C’est de ces considérations, plus ou moins inconsciemment formulées, que sont nés les moyens de protection aujourd’hui en voie d’être généralisés dans toutes les armées belligérantes, d’abord le casque, puis les cuirasses. Je parlerai d’abord du casque parce qu’il a vu d’abord le jour, et parce que les résultats obtenus avec lui dans toutes les armées sont assez nombreux et convaincans pour échapper à toute discussion.


L’inventeur de notre casque pare-éclats, qui a été depuis adopté ou imité par tous nos Alliés et aussi par l’ennemi, est l’Intendant général Adrian. C’est une des plus belles intelligences de notre armée, et le pays lui doit nombre d’inventions militaires qu’il a su avec une habile ténacité mettre au point et généraliser.

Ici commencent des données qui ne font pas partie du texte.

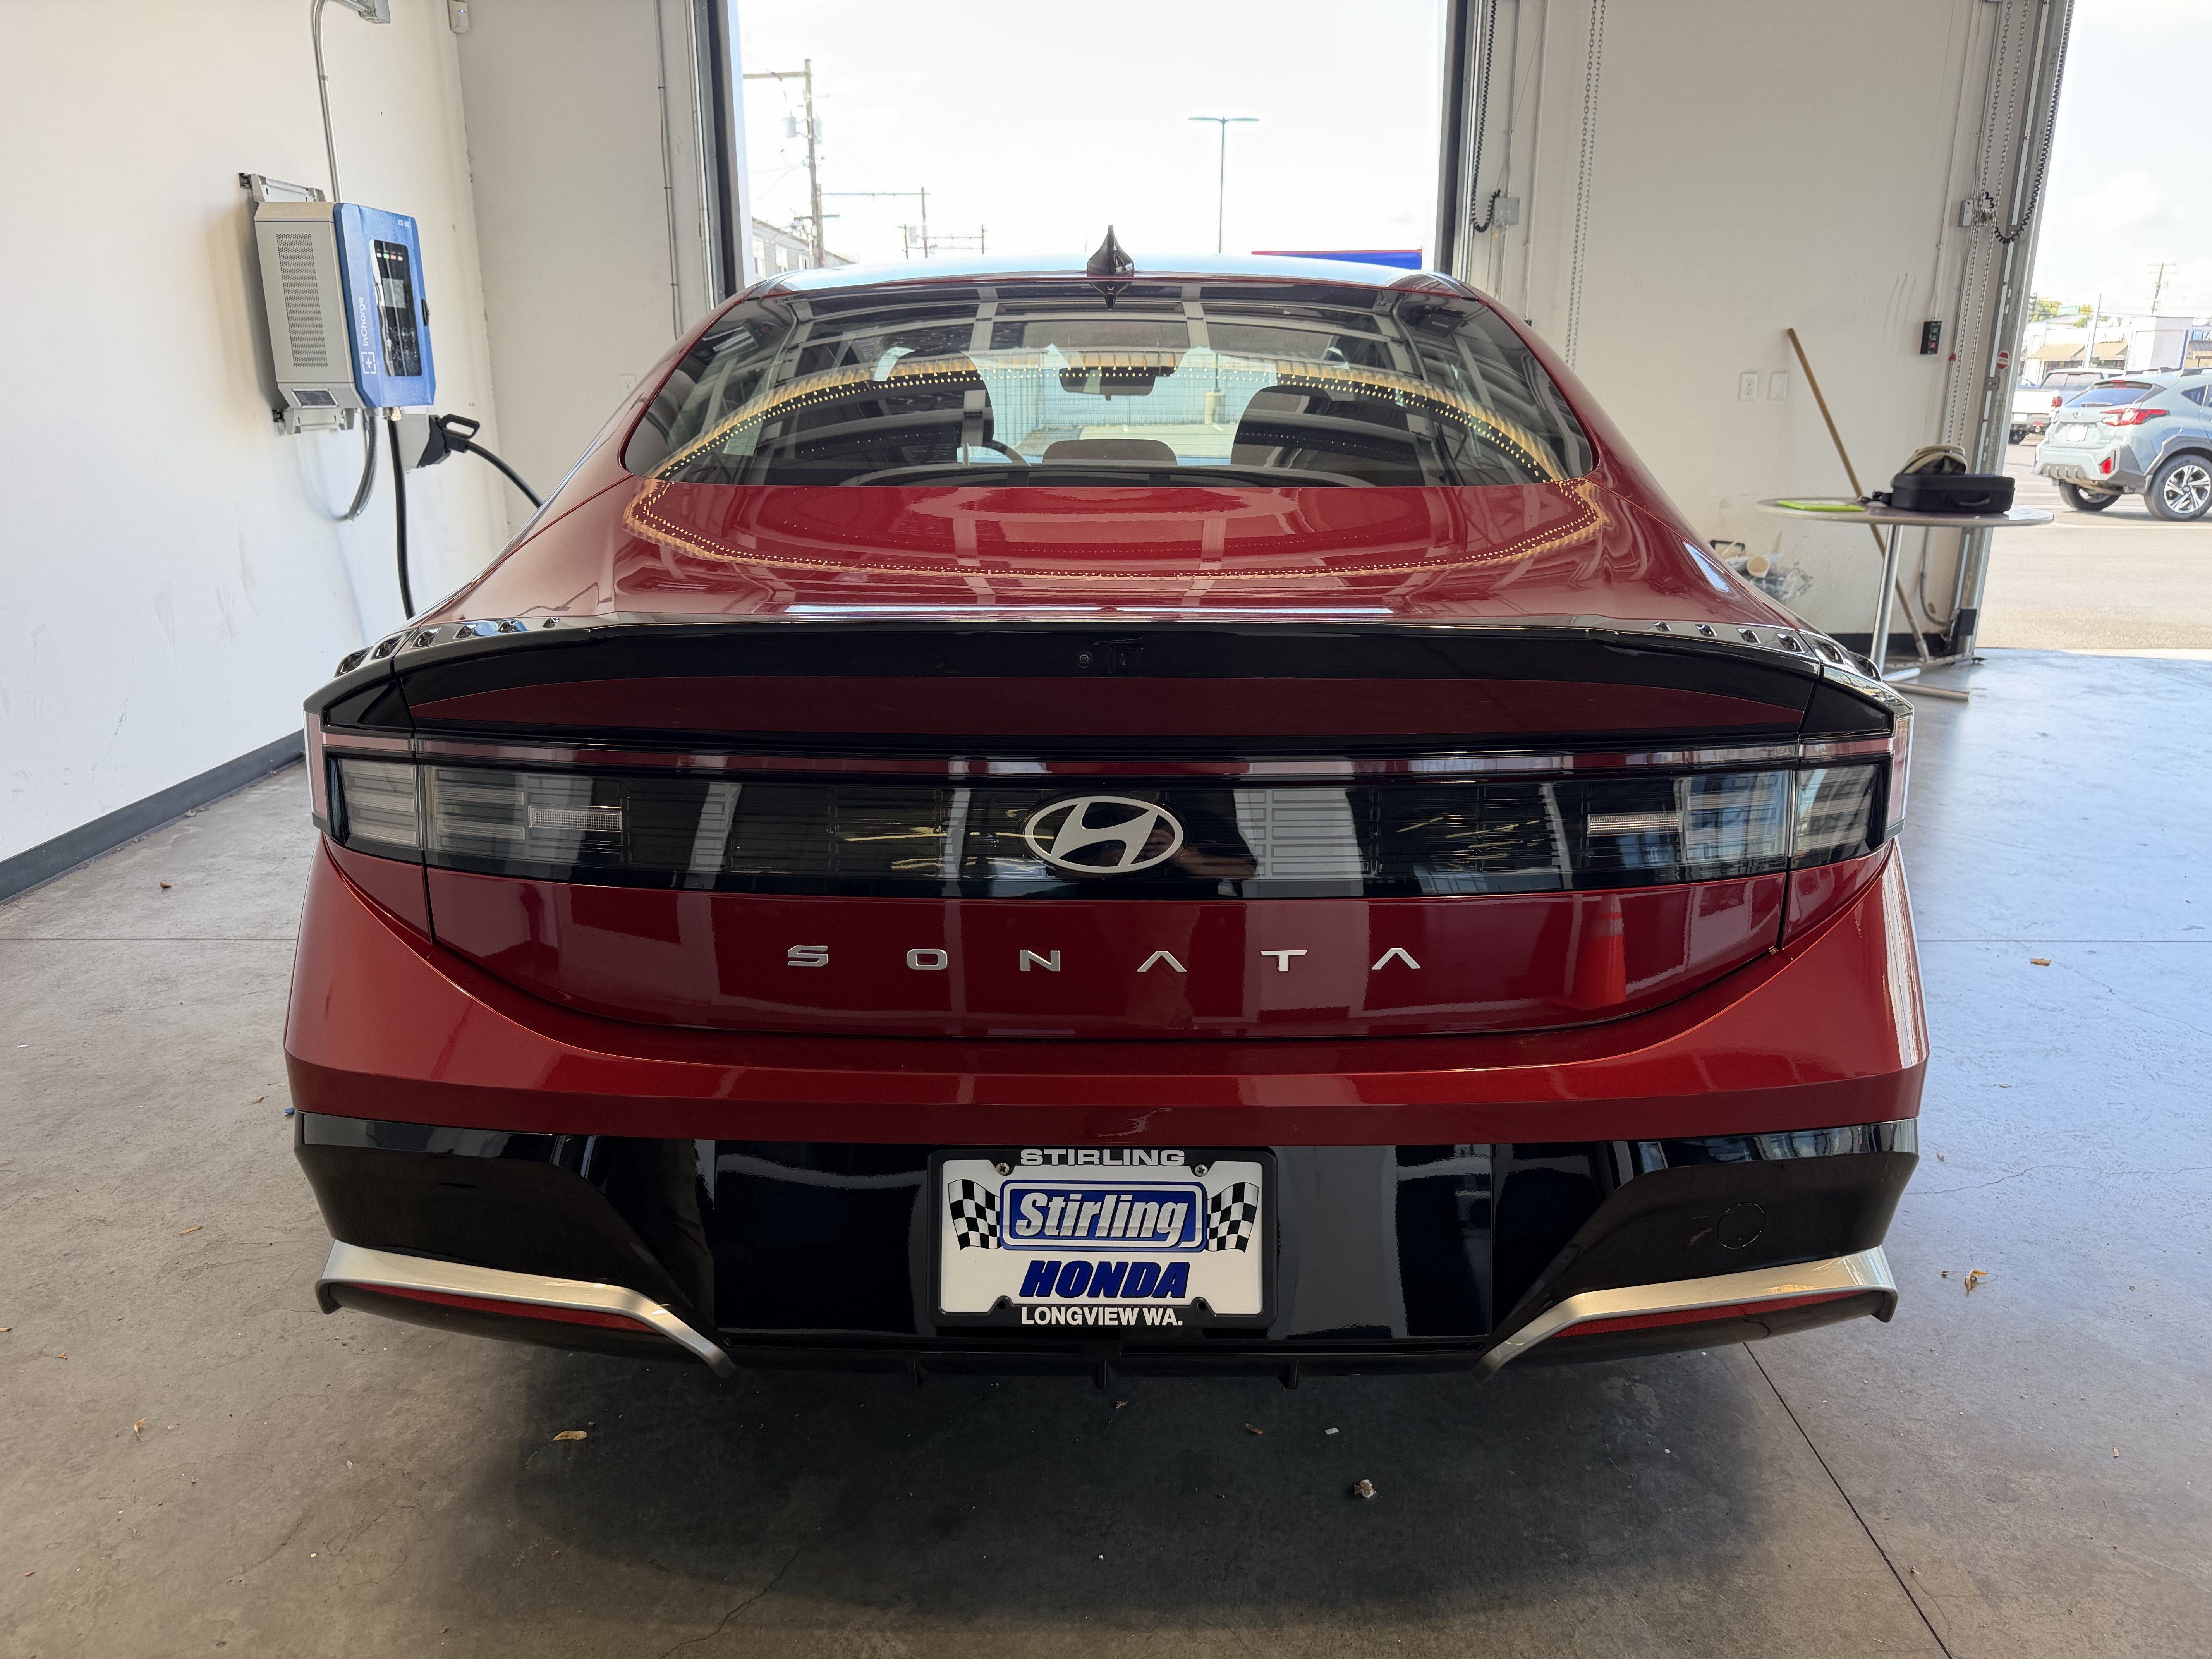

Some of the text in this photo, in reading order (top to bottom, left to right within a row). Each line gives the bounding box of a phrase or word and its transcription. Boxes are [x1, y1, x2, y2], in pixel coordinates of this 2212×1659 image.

[358, 297, 369, 346] InCharge
[787, 945, 1421, 972] SONATA
[1020, 1149, 1185, 1166] STIRLING
[1015, 1192, 1188, 1247] Stirling
[1018, 1260, 1190, 1298] HONDA
[1022, 1307, 1183, 1326] LONGVIEW WA.

Dès la fin 1914, l’Intendant général Adrian, préoccupé de diminuer les blessures très nombreuses de la tête par projectiles à faible vitesse, avait conçu et exécuté une calotte métallique protectrice. Il avait été guidé dans sa conception d’abord par divers faits dûment constatés sur le champ de bataille où des hommes avaient été sauvés notamment par leur gamelle. Ensuite (il me l’a conté lui-même) par des réminiscences historiques. Il s’était souvenu de la calotte appelée « secrète » que les duellistes du XVIe siècle cousaient fréquemment dans leur chapeau, et qui les préservait des coups de taille qui leur eussent fendu la tête. La calotte Adrian, très analogue à la secrète, et qui devait s’insérer dans le képi entre la coiffe et le bandeau, fut expérimentée dès décembre 1914. On constata notamment que, lors d’un tir d’expérience de shrapnells français, la calotte arrêtait 60 p. 100 des coups. Dès février 1915, des centaines de mille de calottes furent mises en service. Elles avaient 0°mm,5 d’épaisseur et étaient faites en tôle d’acier.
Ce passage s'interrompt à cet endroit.